RCMP officers in the Maritimes conducted more than 200 checkpoints over the holiday season, which resulted in nearly 50 driver arrests due to charges with impaired driving.

“Impaired driving is a serious threat to road safety and Nova Scotia RCMP is committed to removing impaired drivers from roadways,”

CSt. Chad Morrison of Nova Scotia RCMP Traffic Services

CTV News Atlantic published the following incidence of impaired driving recorded in the Maritime provinces over the holidays :

• In P.E.I., a total of nine charges of impaired driving, all of which were alcohol-related, and four drivers had their licence suspended for alcohol impairment, and two for drugs.

• In Nova Scotia, a total of 16 drivers were charged with driving under the influence of alcohol from Christmas Eve to New Year’s Day, and eight were arrested on suspicion of driving under the influence of drugs. In seven of those cases, police required blood samples from the suspects. Nine drivers were also suspended because of alcohol use.

• In New Brunswick, a total of 16 drivers were charged with impaired driving since mid-December and another 17 drivers were suspended.

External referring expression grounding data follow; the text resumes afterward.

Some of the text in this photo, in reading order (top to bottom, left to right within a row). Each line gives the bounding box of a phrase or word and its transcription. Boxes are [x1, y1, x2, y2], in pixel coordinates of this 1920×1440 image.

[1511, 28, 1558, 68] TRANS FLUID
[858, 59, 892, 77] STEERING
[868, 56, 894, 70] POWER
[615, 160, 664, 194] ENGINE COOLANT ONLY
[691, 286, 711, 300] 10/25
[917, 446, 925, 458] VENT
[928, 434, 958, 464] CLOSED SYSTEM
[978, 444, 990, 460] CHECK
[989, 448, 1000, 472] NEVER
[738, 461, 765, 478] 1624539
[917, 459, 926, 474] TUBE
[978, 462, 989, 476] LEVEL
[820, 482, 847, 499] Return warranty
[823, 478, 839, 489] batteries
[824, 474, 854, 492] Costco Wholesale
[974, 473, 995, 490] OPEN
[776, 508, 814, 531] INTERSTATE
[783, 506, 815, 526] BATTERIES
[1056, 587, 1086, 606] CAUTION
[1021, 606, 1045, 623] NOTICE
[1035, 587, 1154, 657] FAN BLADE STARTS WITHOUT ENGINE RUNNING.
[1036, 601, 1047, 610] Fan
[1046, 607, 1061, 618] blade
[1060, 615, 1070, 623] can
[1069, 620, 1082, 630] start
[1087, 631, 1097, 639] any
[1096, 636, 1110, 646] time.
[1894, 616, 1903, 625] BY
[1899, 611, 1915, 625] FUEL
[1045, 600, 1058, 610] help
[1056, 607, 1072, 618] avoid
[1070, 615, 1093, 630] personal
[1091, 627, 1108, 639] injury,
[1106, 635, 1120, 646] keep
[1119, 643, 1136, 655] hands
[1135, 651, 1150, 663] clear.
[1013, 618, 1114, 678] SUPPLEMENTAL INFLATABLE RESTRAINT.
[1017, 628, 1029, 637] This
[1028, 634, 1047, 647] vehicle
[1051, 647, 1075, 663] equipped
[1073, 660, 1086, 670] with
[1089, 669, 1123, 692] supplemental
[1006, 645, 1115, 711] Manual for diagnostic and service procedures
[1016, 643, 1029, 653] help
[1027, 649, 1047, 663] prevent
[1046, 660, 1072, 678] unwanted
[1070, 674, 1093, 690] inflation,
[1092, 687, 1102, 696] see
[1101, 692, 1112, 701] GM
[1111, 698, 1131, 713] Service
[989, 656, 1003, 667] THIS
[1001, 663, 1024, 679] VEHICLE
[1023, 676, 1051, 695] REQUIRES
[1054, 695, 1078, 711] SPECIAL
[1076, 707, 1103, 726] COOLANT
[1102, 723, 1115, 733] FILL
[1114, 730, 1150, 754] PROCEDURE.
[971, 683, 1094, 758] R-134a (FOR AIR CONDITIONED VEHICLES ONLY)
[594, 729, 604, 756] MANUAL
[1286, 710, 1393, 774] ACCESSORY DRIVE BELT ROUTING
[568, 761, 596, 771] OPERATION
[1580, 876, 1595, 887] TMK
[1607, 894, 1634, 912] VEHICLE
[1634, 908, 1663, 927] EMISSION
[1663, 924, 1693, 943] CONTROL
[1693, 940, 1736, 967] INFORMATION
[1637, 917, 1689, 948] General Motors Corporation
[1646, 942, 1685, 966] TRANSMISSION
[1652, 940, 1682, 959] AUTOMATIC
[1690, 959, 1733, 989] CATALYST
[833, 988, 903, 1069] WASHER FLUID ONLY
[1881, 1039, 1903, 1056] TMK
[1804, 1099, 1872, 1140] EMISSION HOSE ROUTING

RCMP in Nova Scotia administered the new Dräger DrugTest 5000 Approved Drug Screening Equipment (which are administered roadside to test oral fluid for THC and cocaine). The Dräger DrugTest 5000 was designed for fast testing of oral fluid samples for drugs of abuse, such as amphetamines, designer amphetamines, opiates, cocaine and metabolites, benzodiazepines, cannabinoids, and methadone. In order to administer the test, the driver needs to provide a sample of saliva.

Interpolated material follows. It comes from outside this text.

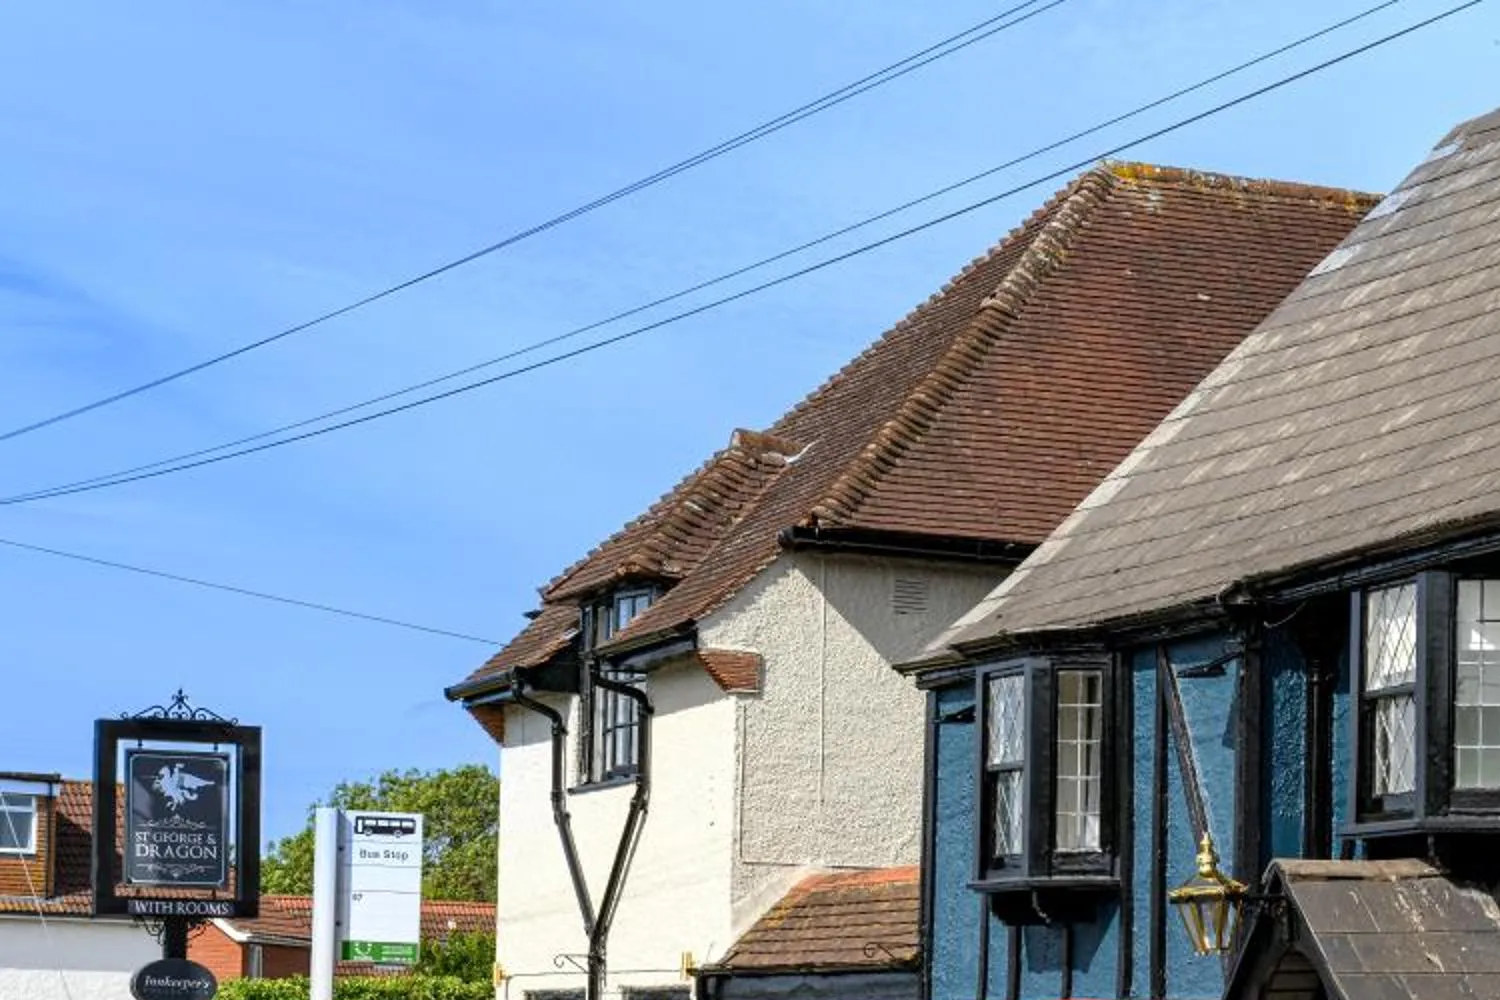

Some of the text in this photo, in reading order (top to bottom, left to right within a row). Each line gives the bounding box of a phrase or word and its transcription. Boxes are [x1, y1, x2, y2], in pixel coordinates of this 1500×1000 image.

[135, 831, 217, 845] ST GEORGE &
[135, 843, 217, 860] DRAGON
[359, 848, 409, 860] Bus Stop
[134, 900, 229, 915] WITH ROOMS

According to CTV News Atlantic, there are currently five Dräger units being used by RCMP in Nova Scotia. RCMP in New Brunswick and Prince Edward Island are not using them as part of their roadside screening protocol, but have ordered three testing units.

According to new alcohol-impaired driving legislation effective December 18th, police officers can demand a roadside screening test if they “develop a suspicion” that a driver is impaired. Under C-46, police do not need to have reasonable grounds to suspect impairment, and will be able to demand a breath sample from any driver at any time.

Although there are some concerns that the new measures and Dräger test will result in court challenges, the Atlantic representative of MADD Canada, Susan McAskill, has stated in her interview with CTV Atlantic News, “It improves highway safety, and other countries where this legislation has been introduced, there’s been a significant decline in impaired deaths.”